Italiani che emigrano

Quando leggo titoli a caratteri cubitali riguardanti gli italiani che “emigrano”, mi viene da chiedere: e che c’è di male?

Partiamo da un presupposto: ciò che ha garantito al Sapiens la sua prosperità (direi, per certi versi, anche eccessiva) sono state proprio, per molti millenni, le migrazioni. Ora, se parliamo di italiani che “emigrano”, dovremmo chiarire quali sono le condizioni di questi trasferimenti, e dove partono questi italiani.

Primo punto da chiarire: l’Europa non va vista come terra lontana. L’Italia ne fa parte e, se facciamo due conti con il pallottoliere, possiamo scoprire che è più facile (e meno oneroso) andare da Roma a Madrid o da Milano a Parigi, che andare da Livorno a Matera. Inoltre, una volta superata la barriera della lingua (sarebbe vergognoso non farlo), scopriamo qualsiasi paese europeo ha caratteristiche analoghe all’Italia.

Oggi, per dire “emigrare”, dovremmo dire che ci si trasferisce in Australia, in Cina o in India, non di certo in Spagna, in Francia o in Portogallo, ma neanche in Olanda o in Lussemburgo. L’Europa, diciamolo chiaramente, è una casa comune e quando ci si trasferisce in un paese europeo è come se ci si spostasse da un luogo a un altro in una grande federazione. Certo, ancora non si può dire che l’Europa sia una federazione di stati, ma provate a chiedere a uno studente Erasmus se per lui spostarsi in Europa è andare all’estero, vedrete che dirà di non sentirsi poi così tanto straniero.

Bisognerebbe, però, porsi qualche domanda sul perché di certi spostamenti: in Italia, specie in alcune città, i servizi al cittadino sono scadenti, la meritocrazia è una parola spesso priva di significato, l’accesso al mercato del lavoro è appannaggio di amici e parenti di qualcuno un po’ più altolocato.

Non sempre e non in tutte le città italiane è così, esistono esempi virtuosi, ma è innegabile che l’immobilismo delle PMI, che costituiscono una percentuale troppo elevata del nostro PIL, la PA che funziona solo per chi ha qualche privilegio e una mentalità poco progressista, direi anche nepotista, non fanno bene al paese.

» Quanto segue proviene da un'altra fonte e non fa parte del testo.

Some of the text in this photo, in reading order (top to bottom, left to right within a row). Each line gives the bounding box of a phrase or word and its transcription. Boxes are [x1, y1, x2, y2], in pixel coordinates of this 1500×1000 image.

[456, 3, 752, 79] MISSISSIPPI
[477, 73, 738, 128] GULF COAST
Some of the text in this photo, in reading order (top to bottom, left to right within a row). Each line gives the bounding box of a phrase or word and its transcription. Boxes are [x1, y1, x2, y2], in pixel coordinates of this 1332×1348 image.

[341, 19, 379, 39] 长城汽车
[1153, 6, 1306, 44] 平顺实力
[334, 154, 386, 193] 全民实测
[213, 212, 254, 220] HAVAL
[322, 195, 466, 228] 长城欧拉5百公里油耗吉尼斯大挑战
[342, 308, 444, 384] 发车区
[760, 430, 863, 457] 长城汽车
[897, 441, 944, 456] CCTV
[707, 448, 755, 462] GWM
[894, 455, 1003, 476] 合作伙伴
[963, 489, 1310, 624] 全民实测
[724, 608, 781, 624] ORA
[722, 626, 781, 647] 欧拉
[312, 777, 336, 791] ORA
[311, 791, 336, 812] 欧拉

Emigrare invece è positivo, i nostri giovani imparano a vivere in luoghi dove le cose funzionano meglio e, forse, capiscono che le virtù degli italiani, che pure esistono, non sono rappresentate dalla pubblica amministrazione o dal tessuto malato di relazioni e raccomandazioni che caratterizzano la vita quotidiana dell’italiano medio.

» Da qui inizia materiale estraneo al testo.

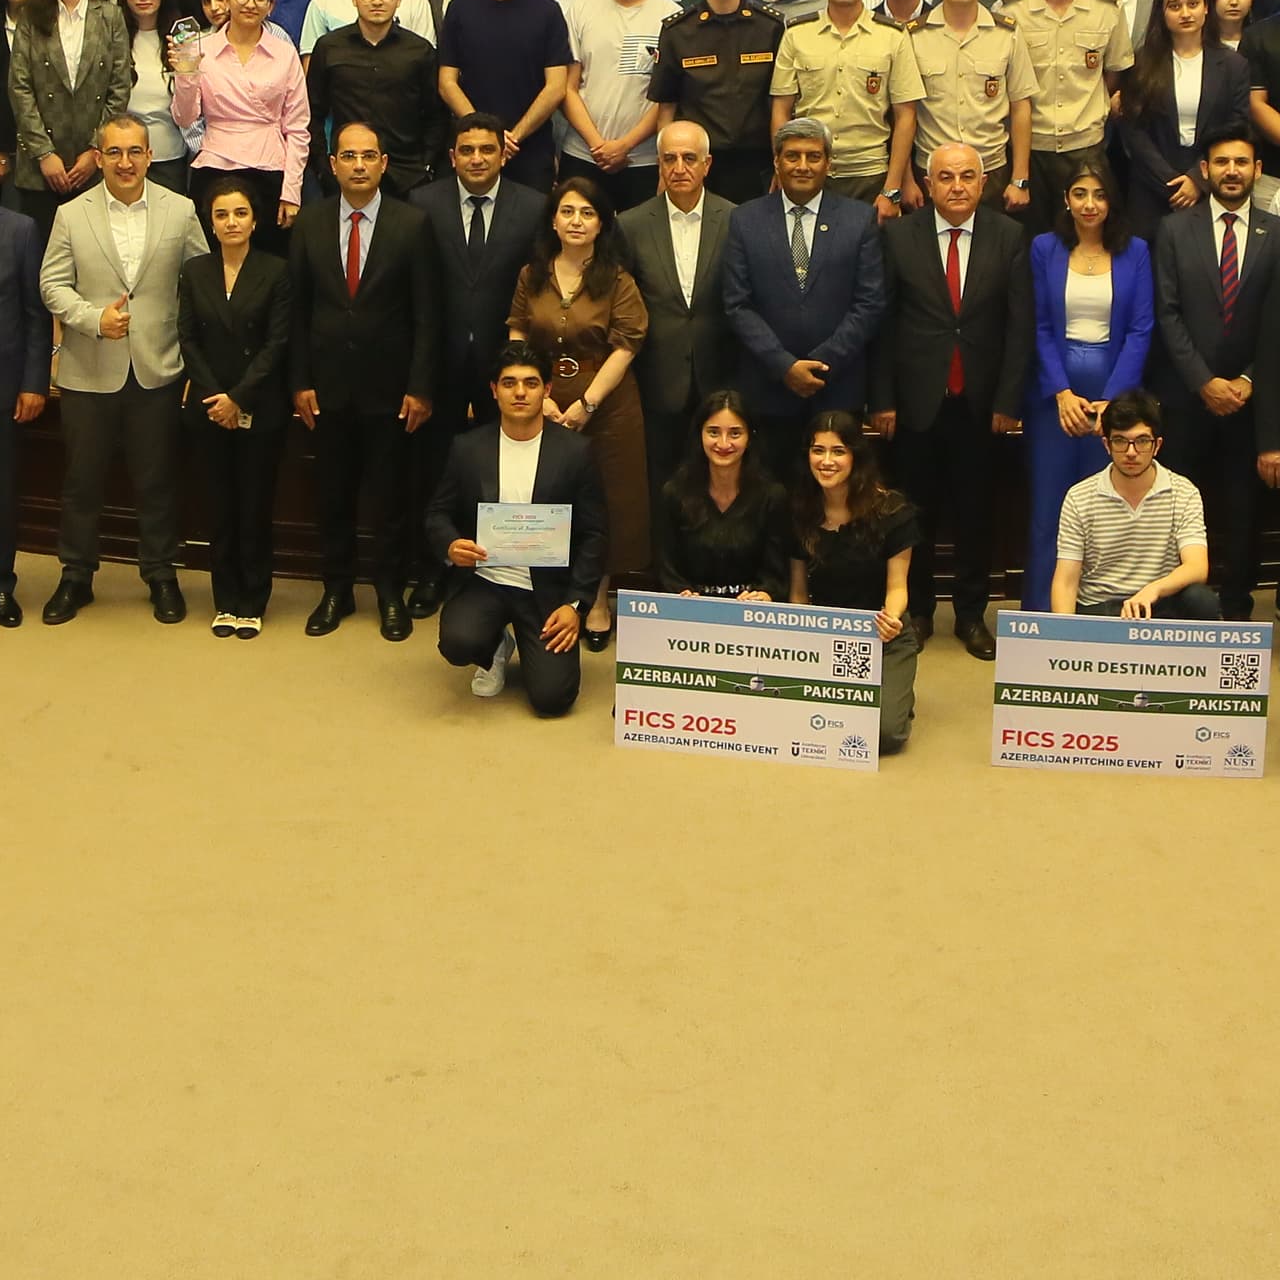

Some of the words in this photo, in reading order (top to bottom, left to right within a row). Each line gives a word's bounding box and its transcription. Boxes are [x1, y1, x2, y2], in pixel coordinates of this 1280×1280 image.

[628, 600, 658, 615] 10A
[743, 609, 828, 629] BOARDING
[832, 618, 873, 633] PASS
[1009, 621, 1040, 635] 10A
[1128, 628, 1217, 643] BOARDING
[1221, 631, 1262, 644] PASS
[667, 639, 710, 654] YOUR
[714, 643, 820, 664] DESTINATION
[622, 667, 717, 688] AZERBAIJAN
[1048, 658, 1093, 673] YOUR
[1097, 661, 1207, 678] DESTINATION
[803, 685, 874, 702] PAKISTAN
[1000, 688, 1099, 705] AZERBAIJAN
[1188, 698, 1261, 712] PAKISTAN
[624, 709, 676, 730] FICS
[682, 714, 737, 736] 2025
[623, 732, 691, 747] AZERBAIJAN
[692, 738, 743, 753] PITCHING
[744, 743, 779, 756] EVENT
[1001, 729, 1056, 748] FICS
[1062, 733, 1120, 752] 2025
[839, 747, 872, 759] NUST
[1000, 752, 1071, 764] AZERBAIJAN
[1072, 756, 1124, 767] PITCHING
[1126, 759, 1162, 769] EVENT
[1224, 758, 1257, 767] NUST
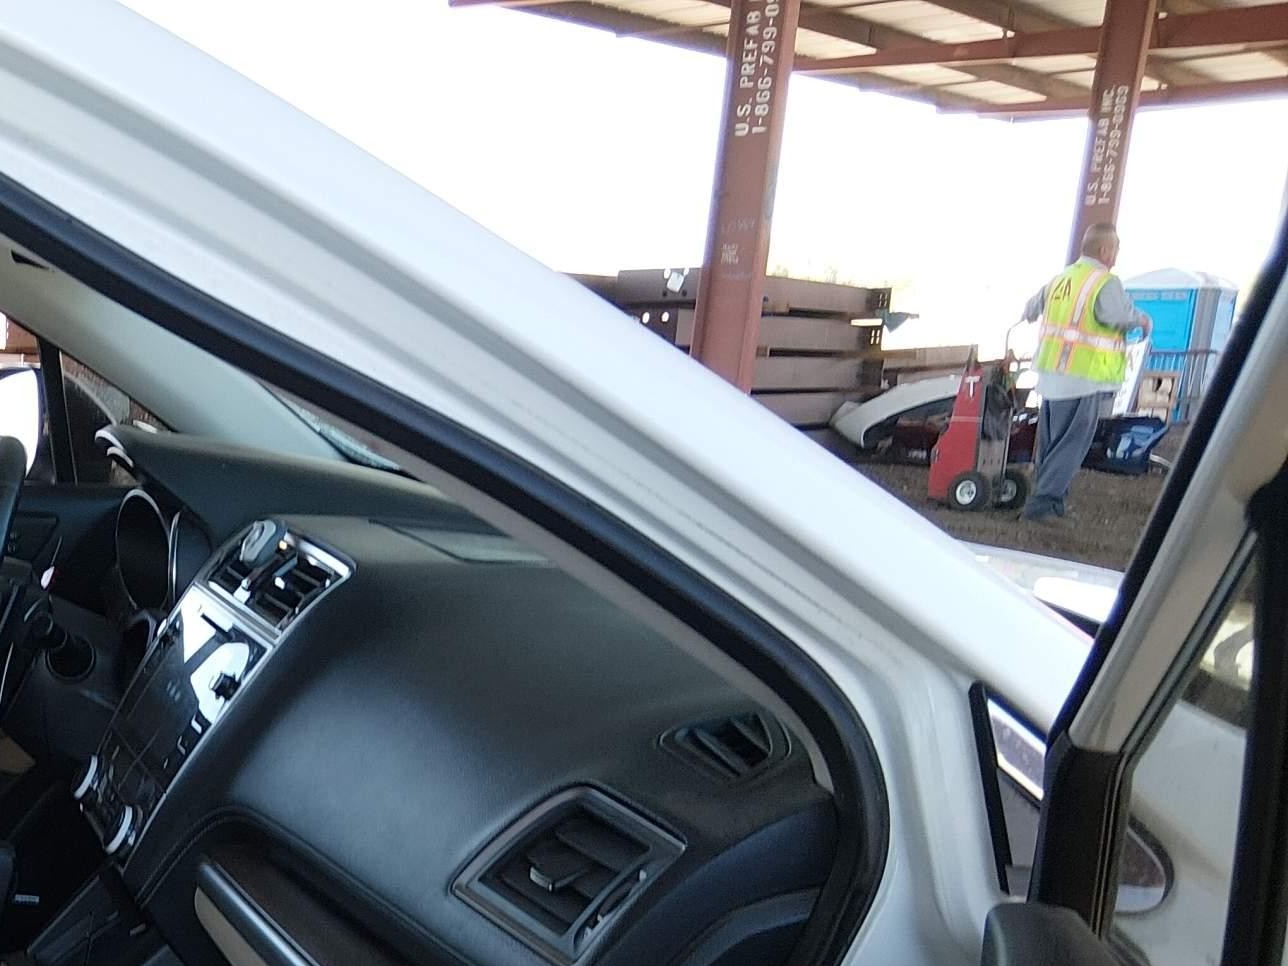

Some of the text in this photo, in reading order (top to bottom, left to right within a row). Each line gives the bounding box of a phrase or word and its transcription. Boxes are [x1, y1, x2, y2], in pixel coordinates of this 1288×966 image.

[734, 10, 761, 136] U.S. PREFAB
[752, 0, 780, 134] 1-866-799-0
[1091, 119, 1109, 172] PREFAB

Si può obiettare “Se i migliori se ne vanno, chi migliorerà l’Italia?”, ma non è così che occorre vedere la questione perché i migliori sono ovunque, basterebbe riconoscerne il merito! E non tutti “emigrano”. Chiediamoci, semmai, cosa succede ai “migliori” che rimangono in Italia, adattati a far lavori poco premianti, a cedere il posto al raccomandato di turno, a subire le angherie del “capo”, a combattere con una burocrazia che non funziona, o che funziona solo se “oliata”.

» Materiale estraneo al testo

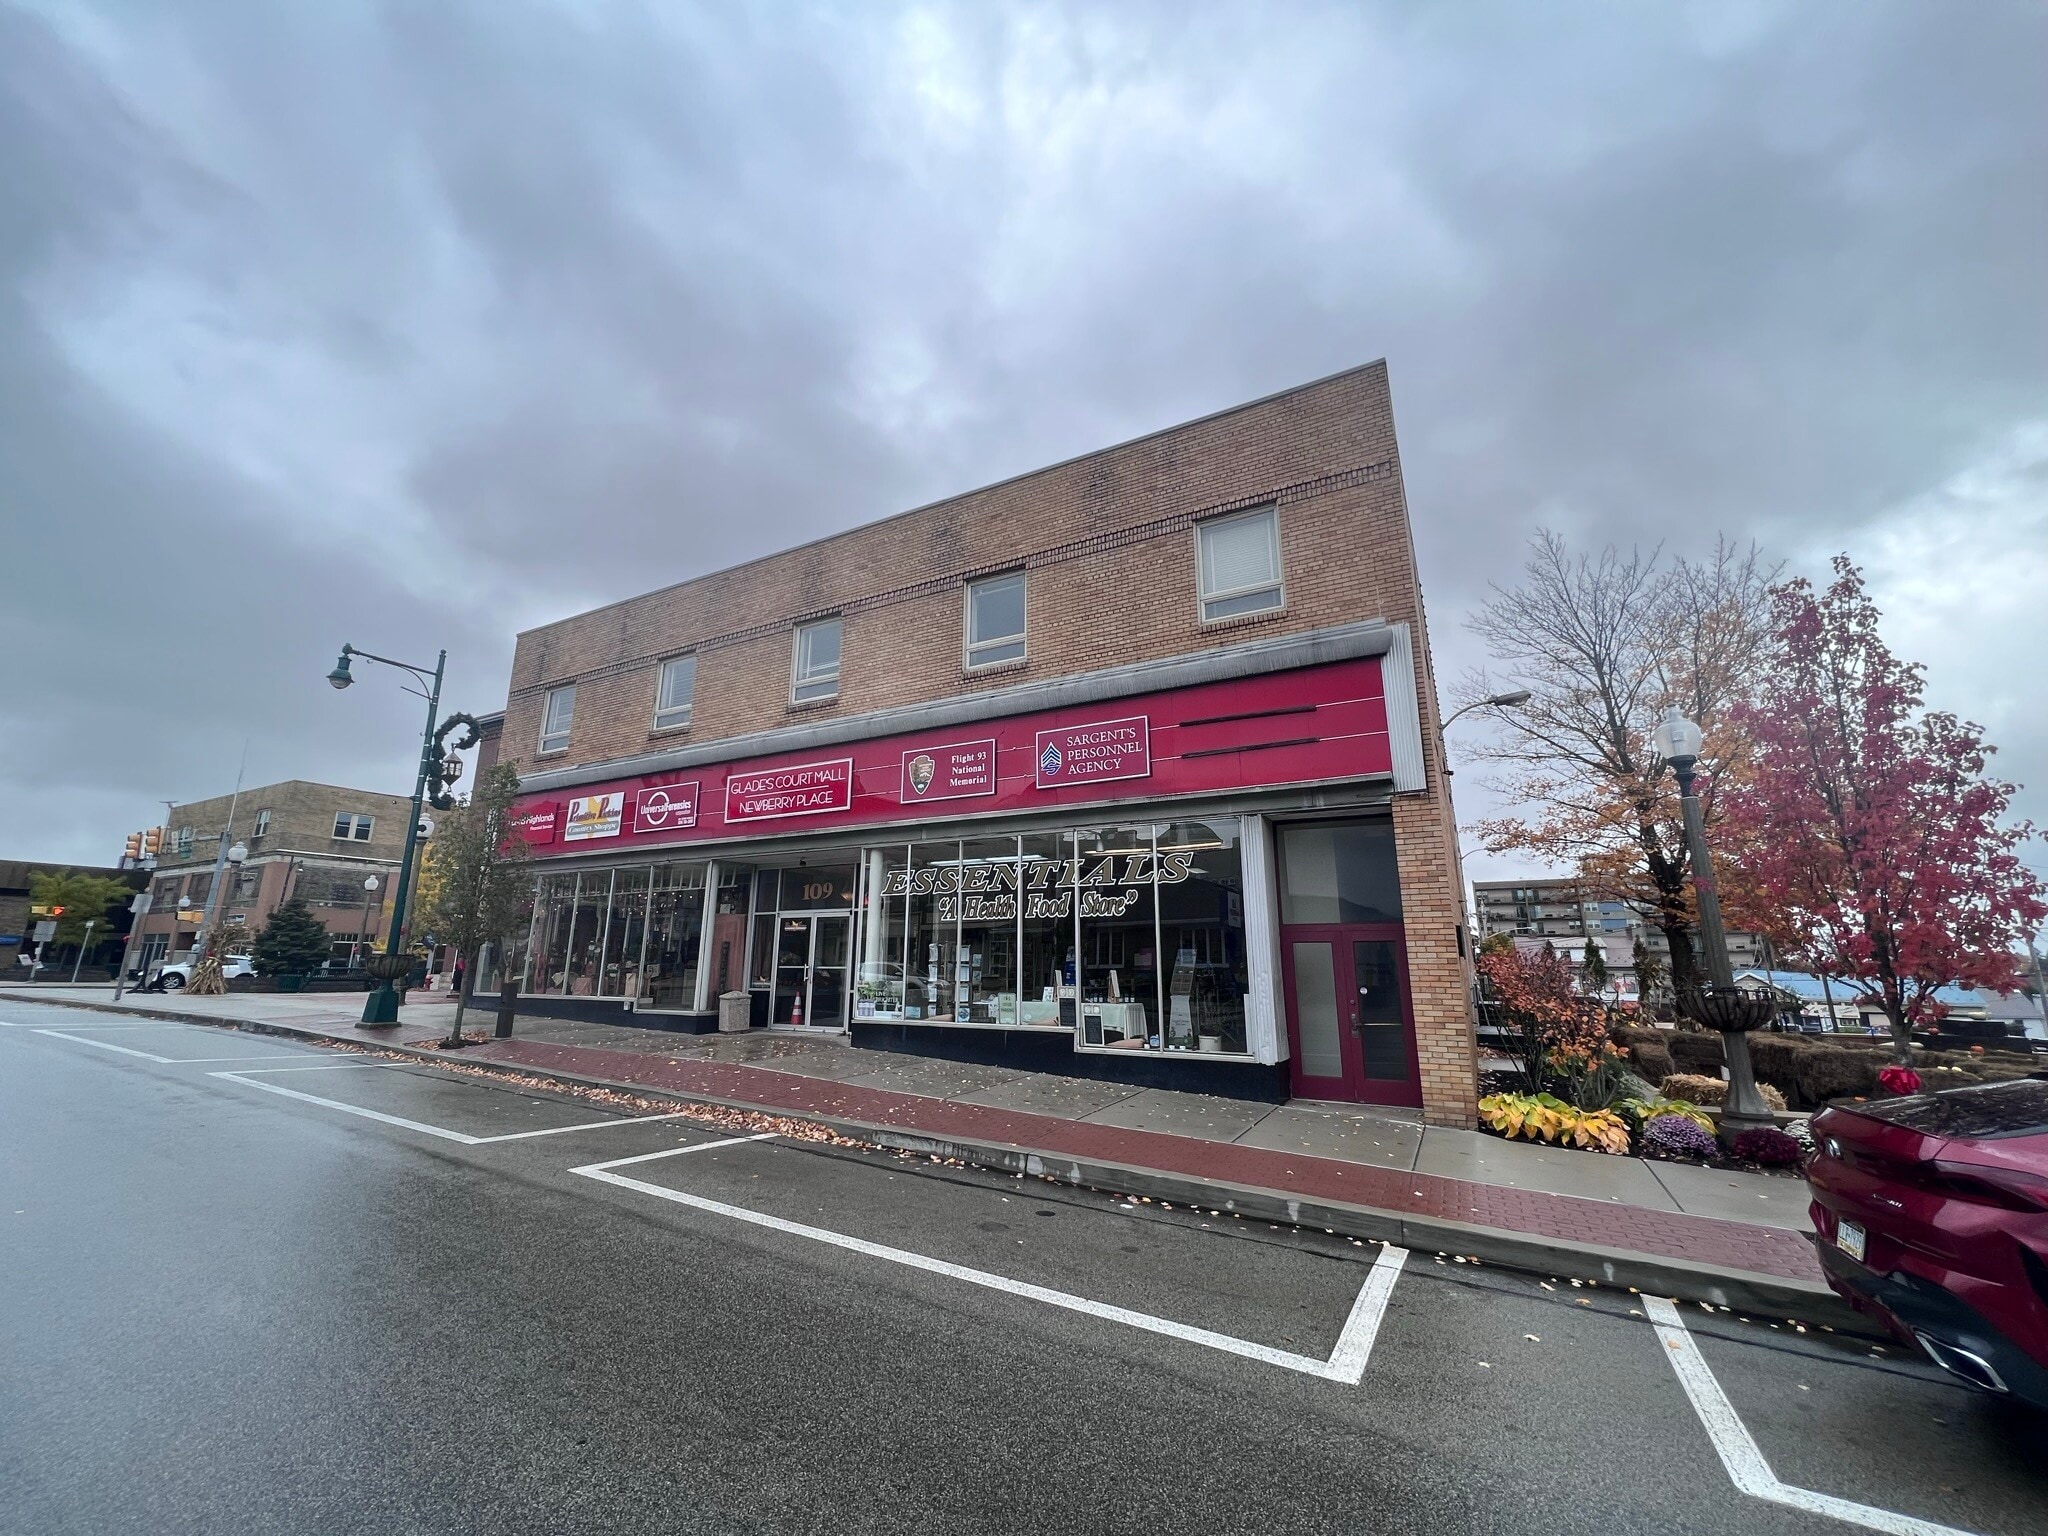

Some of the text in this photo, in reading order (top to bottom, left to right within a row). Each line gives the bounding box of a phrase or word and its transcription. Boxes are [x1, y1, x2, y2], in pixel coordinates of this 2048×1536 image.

[1067, 727, 1136, 747] SARGENT'S
[951, 751, 987, 764] Flight 93
[1067, 741, 1143, 761] PERSONNEL
[952, 763, 985, 775] National
[1067, 758, 1122, 775] AGENCY
[775, 771, 813, 789] COURT
[814, 768, 847, 783] MALL
[949, 775, 987, 787] Memorial
[739, 790, 834, 814] NEWBERRY PLACE
[568, 823, 617, 833] Country Shoppe
[880, 851, 1194, 897] ESSENTIALS
[801, 882, 834, 901] 109
[962, 893, 1017, 921] Health
[1025, 891, 1072, 919] Food

Faccio un esempio personale: quando mi sono trasferito in Spagna ho aperto la mia ditta individuale. Come potete immaginare, sono andato all’agenzia delle entrate e per sbrigare la pratica ho chiesto appuntamento. Tale giorno a tale ora mi sono presentato, mi hanno chiamato con quindici minuti di ritardo, mi hanno chiesto “scusa per il ritardo”, e dopo venti minuti sono uscito con la pratica fatta, accompagnato dal sorriso dell’impiegata che mi ha seguito per quei venti minuti, dandomi tutte le indicazioni possibili e immaginabili. Il confronto con Roma, città dove risiedevo prima, ha dell’incredibile perché all’agenzia delle entrate Roma 1, quindi parlo del centro, ho fatto anche cinque ore e mezza di fila per non risolvere i miei problemi. Parlo di Roma, la capitale d’Italia, non di una sperduta città della Siberia.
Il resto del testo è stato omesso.